**RECORDS TO USE**
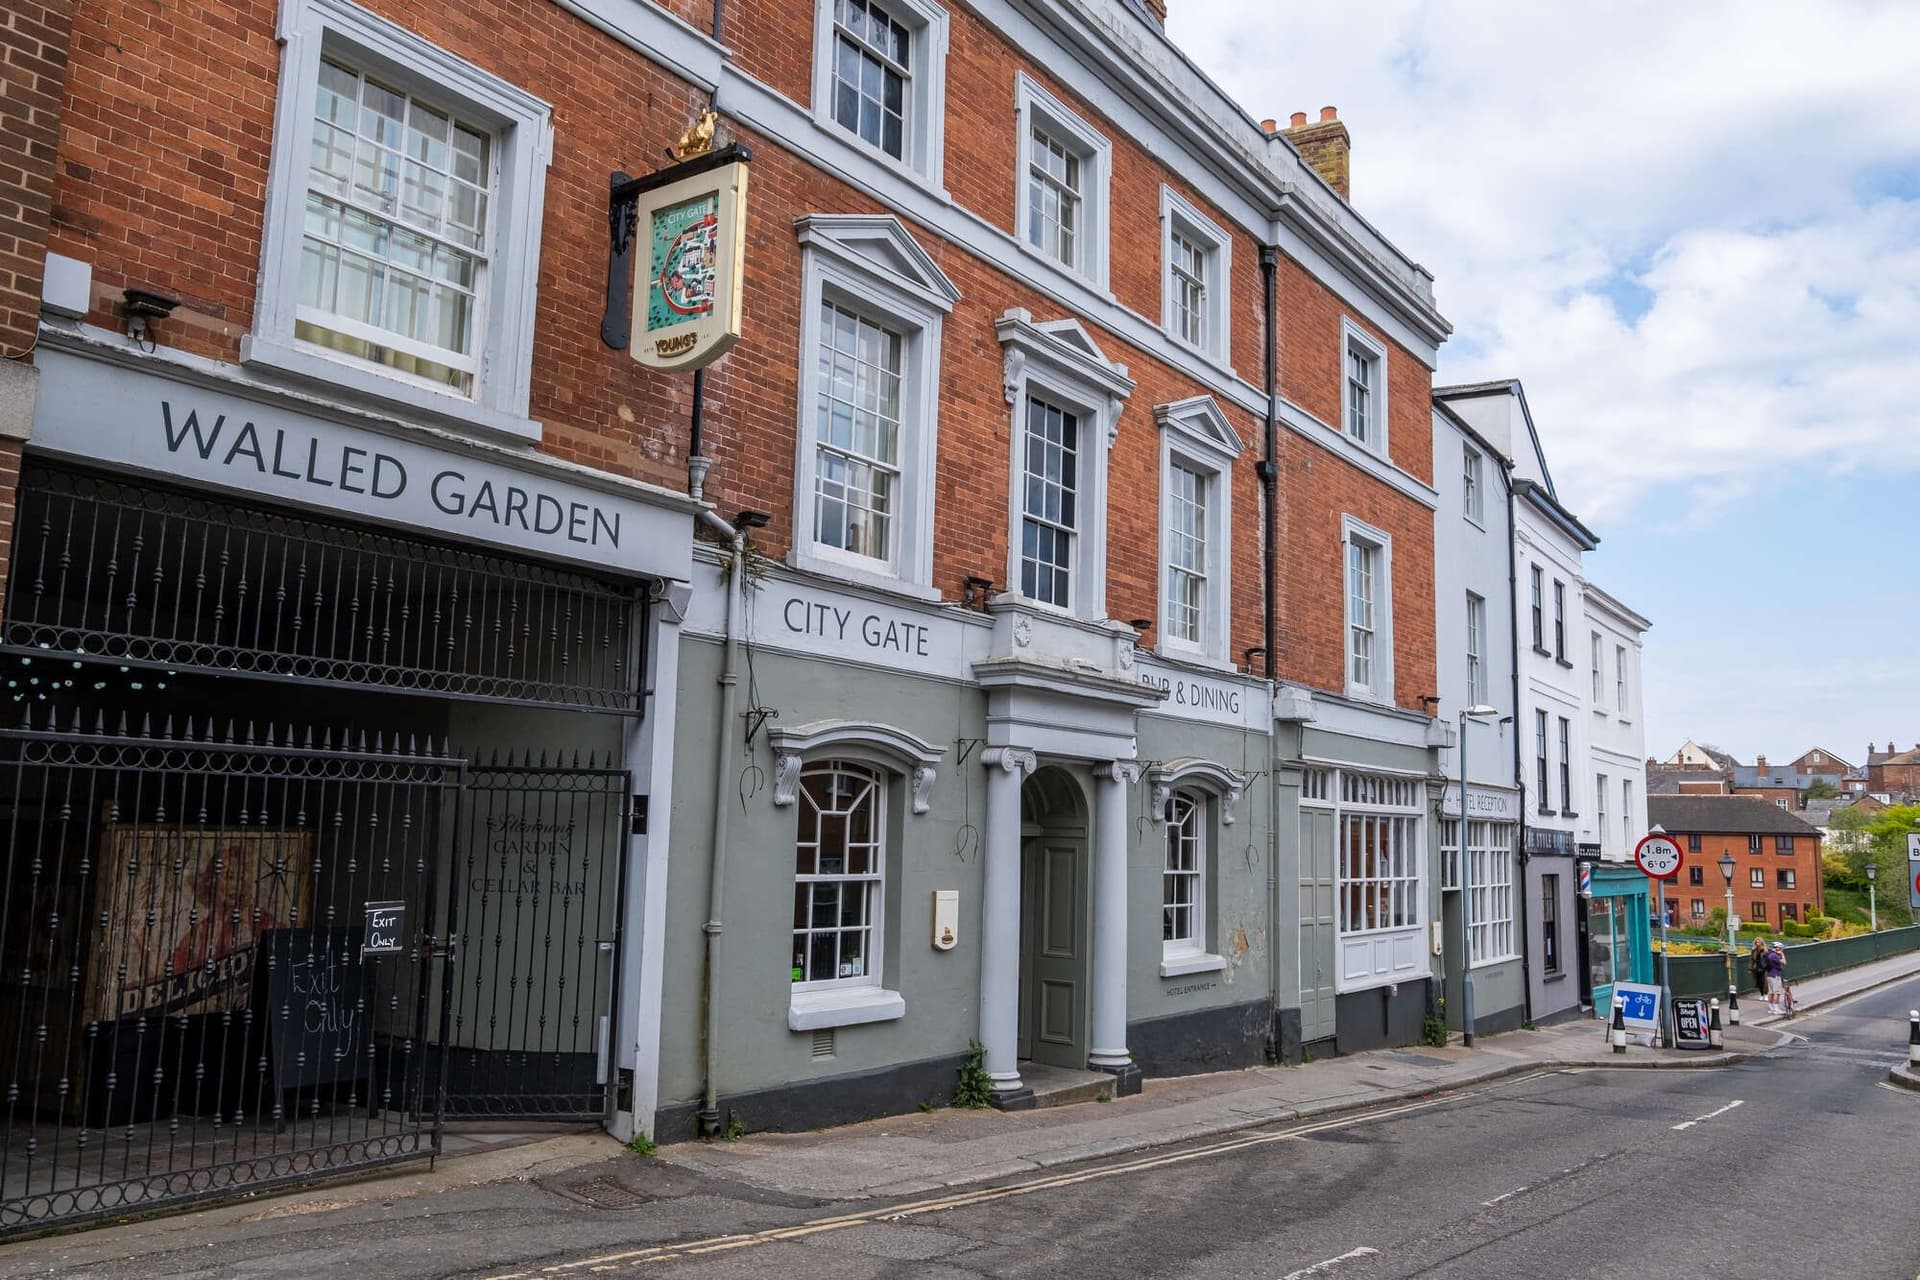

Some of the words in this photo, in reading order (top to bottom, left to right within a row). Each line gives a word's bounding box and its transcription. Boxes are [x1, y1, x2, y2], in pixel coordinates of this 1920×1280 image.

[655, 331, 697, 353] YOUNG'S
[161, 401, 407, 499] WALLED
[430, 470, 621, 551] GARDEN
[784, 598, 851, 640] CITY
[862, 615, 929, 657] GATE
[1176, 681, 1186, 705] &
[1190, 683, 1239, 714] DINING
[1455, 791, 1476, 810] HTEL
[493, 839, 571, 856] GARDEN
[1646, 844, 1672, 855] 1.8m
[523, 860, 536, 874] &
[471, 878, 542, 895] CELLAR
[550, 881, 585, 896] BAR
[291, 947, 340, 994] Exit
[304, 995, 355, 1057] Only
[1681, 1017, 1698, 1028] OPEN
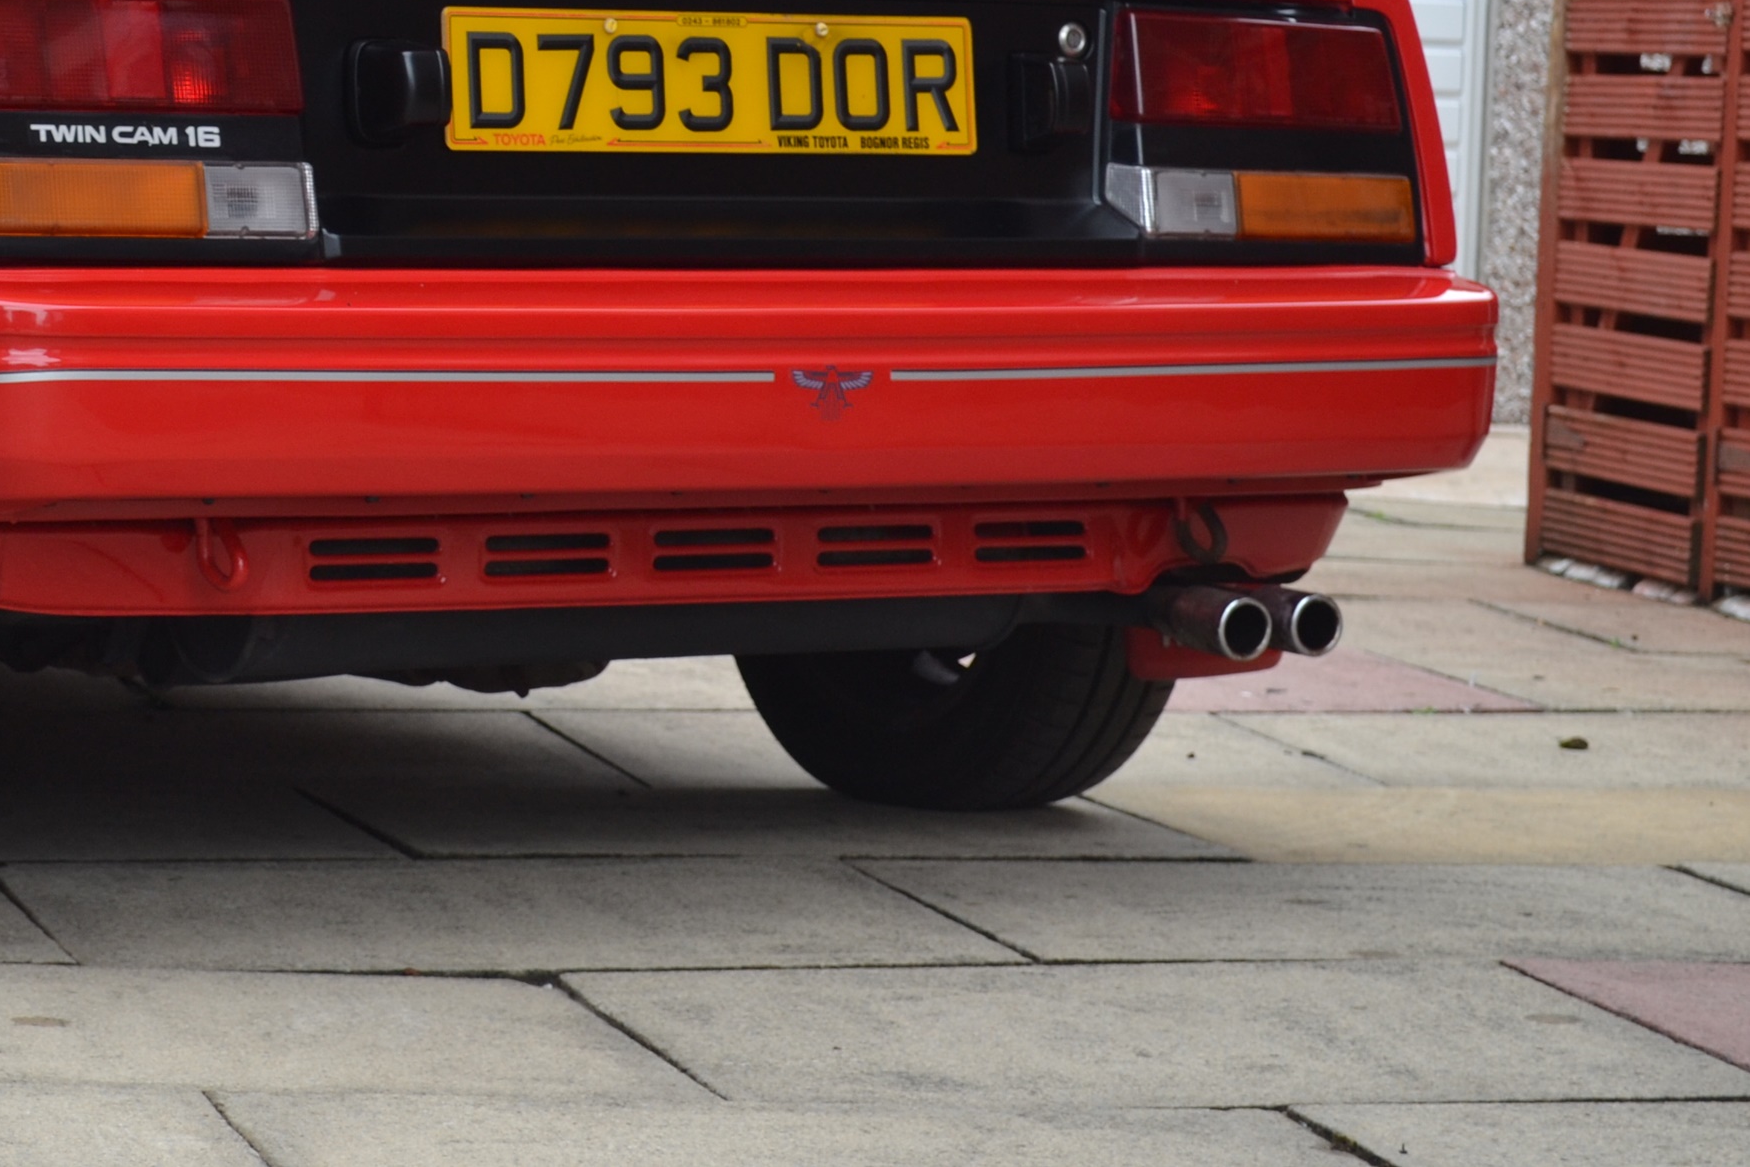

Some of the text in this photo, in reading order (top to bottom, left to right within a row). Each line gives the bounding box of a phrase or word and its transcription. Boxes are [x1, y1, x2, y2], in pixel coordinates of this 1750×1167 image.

==

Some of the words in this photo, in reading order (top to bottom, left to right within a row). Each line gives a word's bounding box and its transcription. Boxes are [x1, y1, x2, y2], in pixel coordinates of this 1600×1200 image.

**TASK OBJECTIVE**
In the data above, find the line with "this 1920×1280 image." and the line with "Some of the text". Please copy exactly those two lines and every line between them, but not the pictures.

**EXERCISE RESPONSE**
Some of the words in this photo, in reading order (top to bottom, left to right within a row). Each line gives a word's bounding box and its transcription. Boxes are [x1, y1, x2, y2], in pixel coordinates of this 1920×1280 image.

[655, 331, 697, 353] YOUNG'S
[161, 401, 407, 499] WALLED
[430, 470, 621, 551] GARDEN
[784, 598, 851, 640] CITY
[862, 615, 929, 657] GATE
[1176, 681, 1186, 705] &
[1190, 683, 1239, 714] DINING
[1455, 791, 1476, 810] HTEL
[493, 839, 571, 856] GARDEN
[1646, 844, 1672, 855] 1.8m
[523, 860, 536, 874] &
[471, 878, 542, 895] CELLAR
[550, 881, 585, 896] BAR
[291, 947, 340, 994] Exit
[304, 995, 355, 1057] Only
[1681, 1017, 1698, 1028] OPEN

Some of the text in this photo, in reading order (top to bottom, left to right within a row). Each line gives the bounding box of a phrase or word and its transcription. Boxes are [x1, y1, x2, y2], in pixel coordinates of this 1750×1167 image.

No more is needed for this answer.